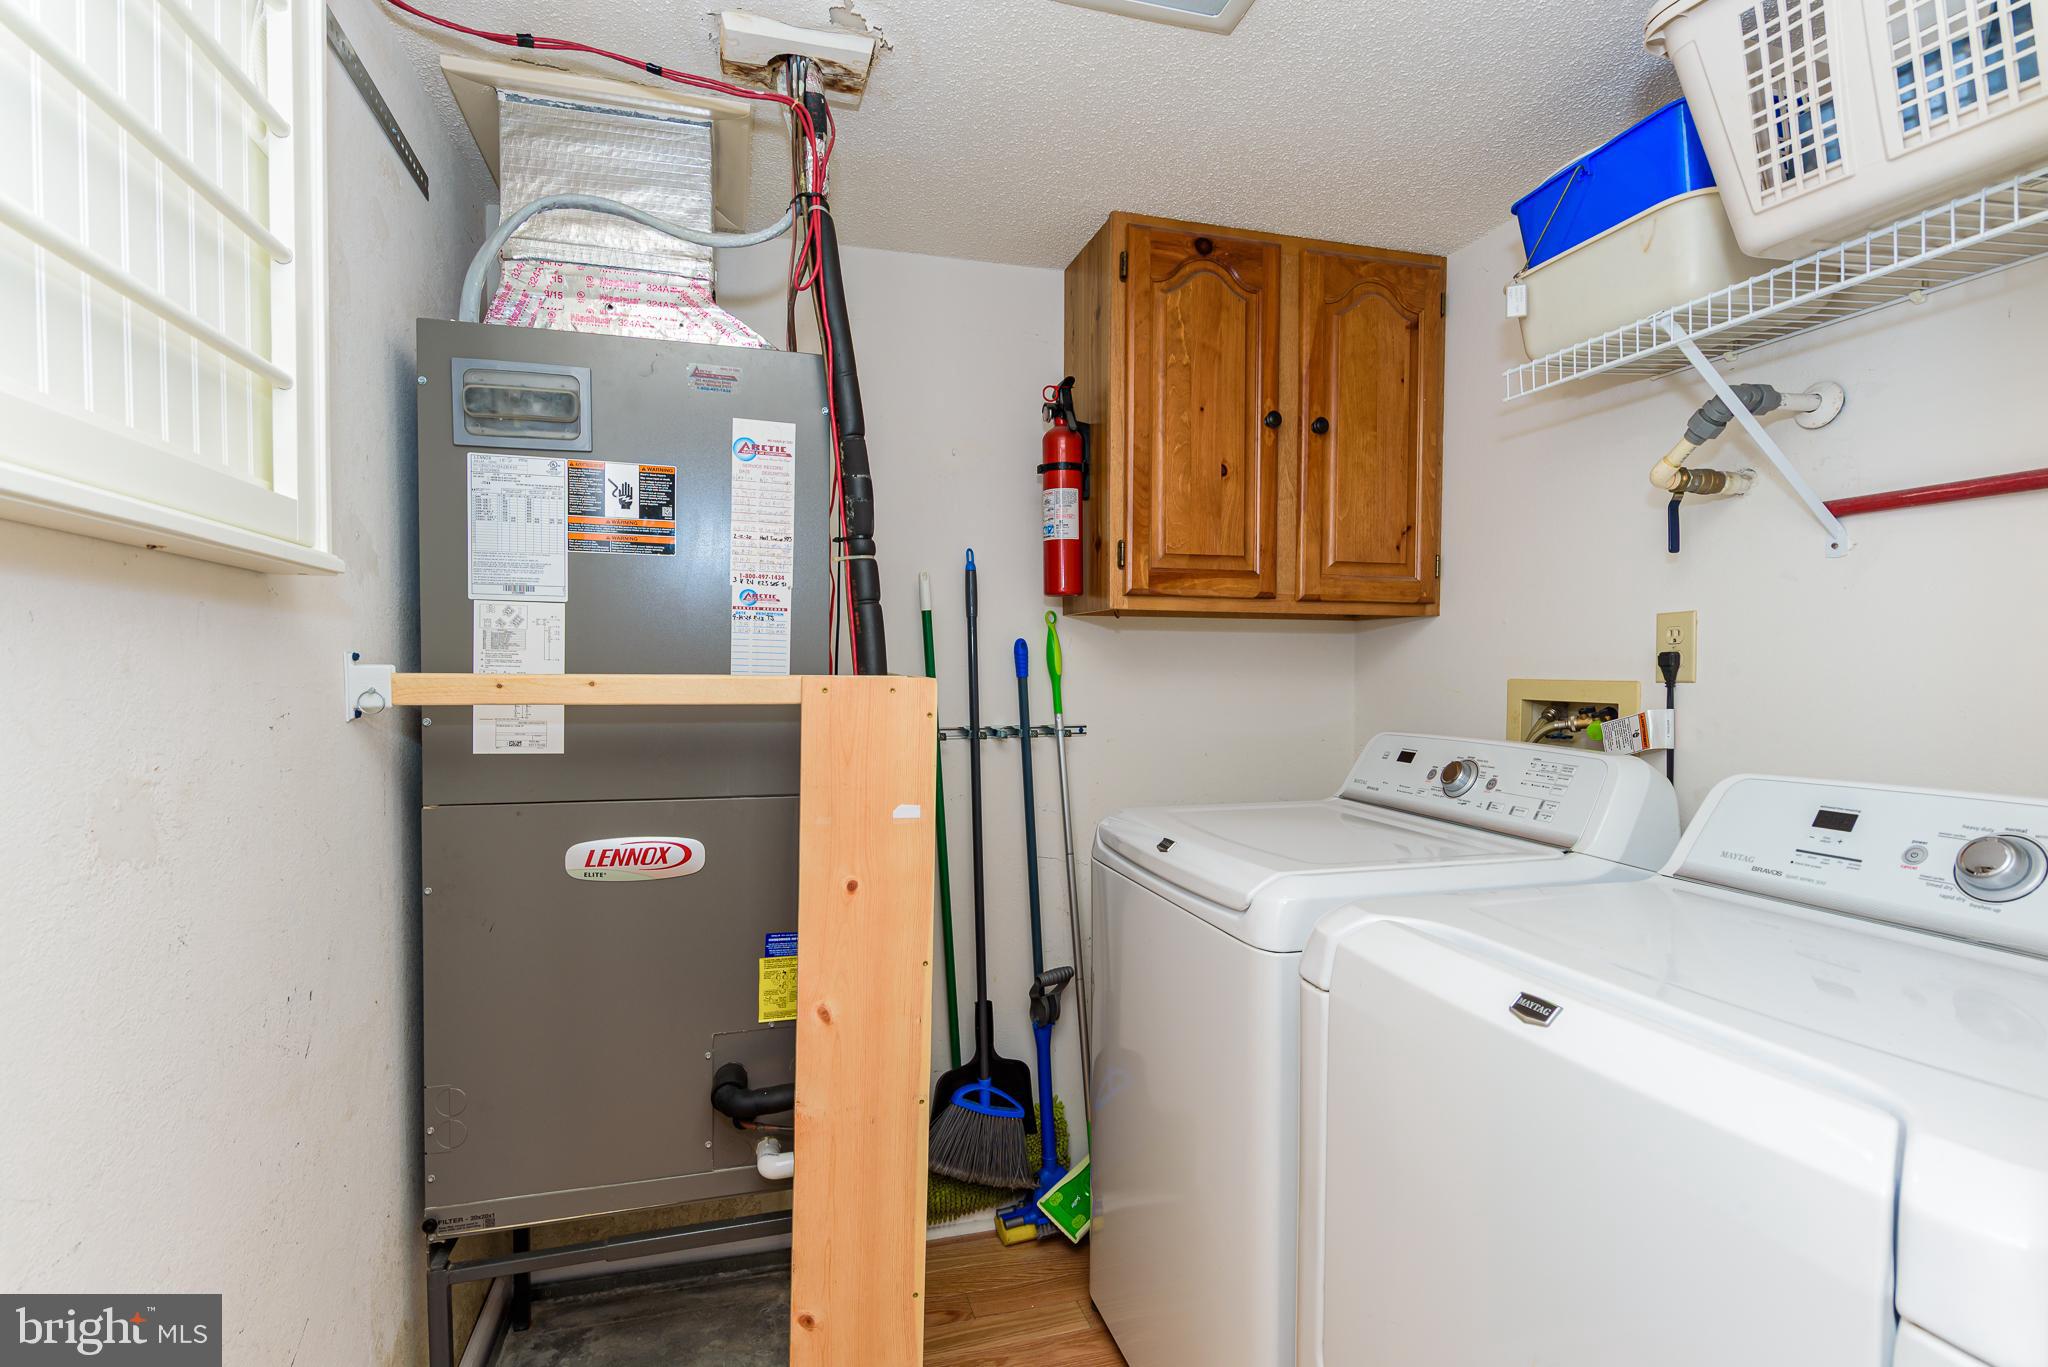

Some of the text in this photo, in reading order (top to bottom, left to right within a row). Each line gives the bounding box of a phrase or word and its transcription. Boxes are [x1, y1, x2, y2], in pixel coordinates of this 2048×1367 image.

[738, 442, 787, 454] ARCTIC
[584, 846, 671, 868] LENNOX
[1720, 850, 1756, 864] MAYTAG
[1751, 866, 1783, 877] BRAVOS
[1518, 997, 1552, 1016] MAYTAG
[438, 1217, 464, 1225] FILTER
• • •
What you need to do: Return the complete material exactly as given, excluding images.

Solution to the problem:
Some of the text in this photo, in reading order (top to bottom, left to right within a row). Each line gives the bounding box of a phrase or word and its transcription. Boxes are [x1, y1, x2, y2], in pixel coordinates of this 2048×1367 image.

[738, 442, 787, 454] ARCTIC
[584, 846, 671, 868] LENNOX
[1720, 850, 1756, 864] MAYTAG
[1751, 866, 1783, 877] BRAVOS
[1518, 997, 1552, 1016] MAYTAG
[438, 1217, 464, 1225] FILTER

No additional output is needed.